DESCRIPTION OF SYMBOLS 10 ... Game system 12 ... Game device 18 ... Optical disk 22 ... Controller 24 ... Gyro unit 26,100 ... Input means 34 ... Monitor 34a ... Speaker 40 ... CPU
42 ... System LSI
42a: I / O processor 42b: GPU
42c: DSP
42d ... VRAM
42e ... Internal main memory 44 ... Flash memory 46 ... External main memory 48 ... ROM / RTC
50 ... Wireless communication module 52 ... Wireless controller module 54 ... Disk drive 56 ... AV IC
58 ... AV connector 60 ... expansion connector 62 ... memory card connector 70 ... processor 74, 102 ... acceleration sensor 80 ... image information calculation unit 80c ... imaging element 80d ... image processing circuit 90 ... microcomputer 92 ... gyro sensor

Claims (14)

The computer of the image processing device
Image output means for outputting an image obtained by photographing a virtual space in which the terrain is set from a virtual camera;
An arrangement position determining means for determining an arrangement position of the object based on a parameter defined in the terrain and a predetermined reference position;
An image processing program that causes an object placement unit to place the object at a placement position determined by the placement position determination unit. The parameter includes a predetermined point of the terrain,
The image processing program according to claim 1, wherein the arrangement position determination unit determines a position specified based on a length of a line segment connecting the predetermined point and the reference position as an arrangement position of the object.   The arrangement position determining means uses the position on the other line set to form an angle determined according to the length of the line segment and the line segment with the predetermined point as the center. The image processing program according to claim 2, which is determined.   The arrangement position determining means arranges the end of the object with the line segment and another line segment set to form an angle determined according to the length of the line segment with the predetermined point as a center. 4. The image processing program according to claim 2, wherein the image processing program is determined as a position.   The image processing program according to claim 3, wherein the angle becomes smaller as the length of the line segment becomes larger.   The image processing program according to claim 2, wherein the parameter further includes a height of the terrain.   The image processing program according to claim 6, wherein the arrangement position determination unit determines a position on the terrain having a predetermined relationship with the height of the terrain at the reference position as the arrangement position of the object.
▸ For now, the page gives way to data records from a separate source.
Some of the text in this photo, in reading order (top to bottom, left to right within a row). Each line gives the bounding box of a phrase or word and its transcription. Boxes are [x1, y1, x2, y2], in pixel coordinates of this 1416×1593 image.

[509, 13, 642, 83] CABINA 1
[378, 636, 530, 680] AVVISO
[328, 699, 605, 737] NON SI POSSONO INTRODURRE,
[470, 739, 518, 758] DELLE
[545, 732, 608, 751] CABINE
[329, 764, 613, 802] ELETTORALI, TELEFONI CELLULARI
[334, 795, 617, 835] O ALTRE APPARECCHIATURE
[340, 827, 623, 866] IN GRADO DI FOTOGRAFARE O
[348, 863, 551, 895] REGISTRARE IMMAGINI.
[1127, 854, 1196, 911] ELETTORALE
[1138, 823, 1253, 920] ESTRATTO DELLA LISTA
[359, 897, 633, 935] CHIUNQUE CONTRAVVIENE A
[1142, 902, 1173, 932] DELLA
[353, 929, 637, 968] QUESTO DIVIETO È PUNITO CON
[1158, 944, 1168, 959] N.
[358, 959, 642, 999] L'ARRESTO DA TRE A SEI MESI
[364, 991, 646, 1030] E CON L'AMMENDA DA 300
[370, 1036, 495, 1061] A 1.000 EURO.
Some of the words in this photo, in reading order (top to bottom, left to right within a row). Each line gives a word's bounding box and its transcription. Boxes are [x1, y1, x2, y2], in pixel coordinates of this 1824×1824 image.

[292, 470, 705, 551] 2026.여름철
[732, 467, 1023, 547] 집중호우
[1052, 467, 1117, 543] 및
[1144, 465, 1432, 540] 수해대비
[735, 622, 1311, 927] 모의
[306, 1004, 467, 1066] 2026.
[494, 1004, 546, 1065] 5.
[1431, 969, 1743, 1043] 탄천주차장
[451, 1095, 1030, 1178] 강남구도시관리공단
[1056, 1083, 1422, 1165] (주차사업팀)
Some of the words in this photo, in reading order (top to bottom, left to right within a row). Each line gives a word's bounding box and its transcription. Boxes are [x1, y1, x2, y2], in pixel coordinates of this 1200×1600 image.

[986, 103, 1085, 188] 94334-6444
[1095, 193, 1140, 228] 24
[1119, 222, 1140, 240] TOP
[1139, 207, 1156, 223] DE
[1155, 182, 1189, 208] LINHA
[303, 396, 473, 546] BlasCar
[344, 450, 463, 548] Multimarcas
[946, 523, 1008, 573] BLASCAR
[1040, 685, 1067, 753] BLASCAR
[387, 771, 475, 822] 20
The terrain includes a curved course;
The predetermined point of the terrain is a center point that defines the course of the curve,
The image processing program according to claim 2, wherein the reference position is set on a course of the curve.   The image processing program according to claim 8, wherein the topography includes a curved course formed in a spiral shape.   The image processing program according to claim 9, wherein the curvilinear course formed in a spiral shape is changed in height toward the center. The object is a non-player object;
The reference position is a current position of the player object,
The image processing program according to any one of claims 1 to 10, wherein the arrangement position determining means determines an arrangement position of the non-player object at a position having a predetermined interval along a current movement direction of the player object. . Image output means for outputting an image obtained by photographing a virtual space in which the terrain is set from a virtual camera;
An arrangement position determining means for determining an arrangement position of the object based on a parameter defined in the terrain and a predetermined reference position;
An image processing apparatus comprising object placement means for placing the object at a placement position determined by the placement position determination means. An image processing method of an image processing apparatus,
(A) Output an image taken from a virtual camera in a virtual space where terrain is set,
(B) Based on a parameter defined for the terrain and a predetermined reference position, an arrangement position of the object is determined,
(C) An image processing method in which the object is arranged at the arrangement position determined in the step (b). Image output means for outputting an image obtained by photographing a virtual space in which the terrain is set from a virtual camera;
An arrangement position determining means for determining an arrangement position of the object based on a parameter defined in the terrain and a predetermined reference position;
An image processing system comprising object placement means for placing the object at a placement position determined by the placement position determination means.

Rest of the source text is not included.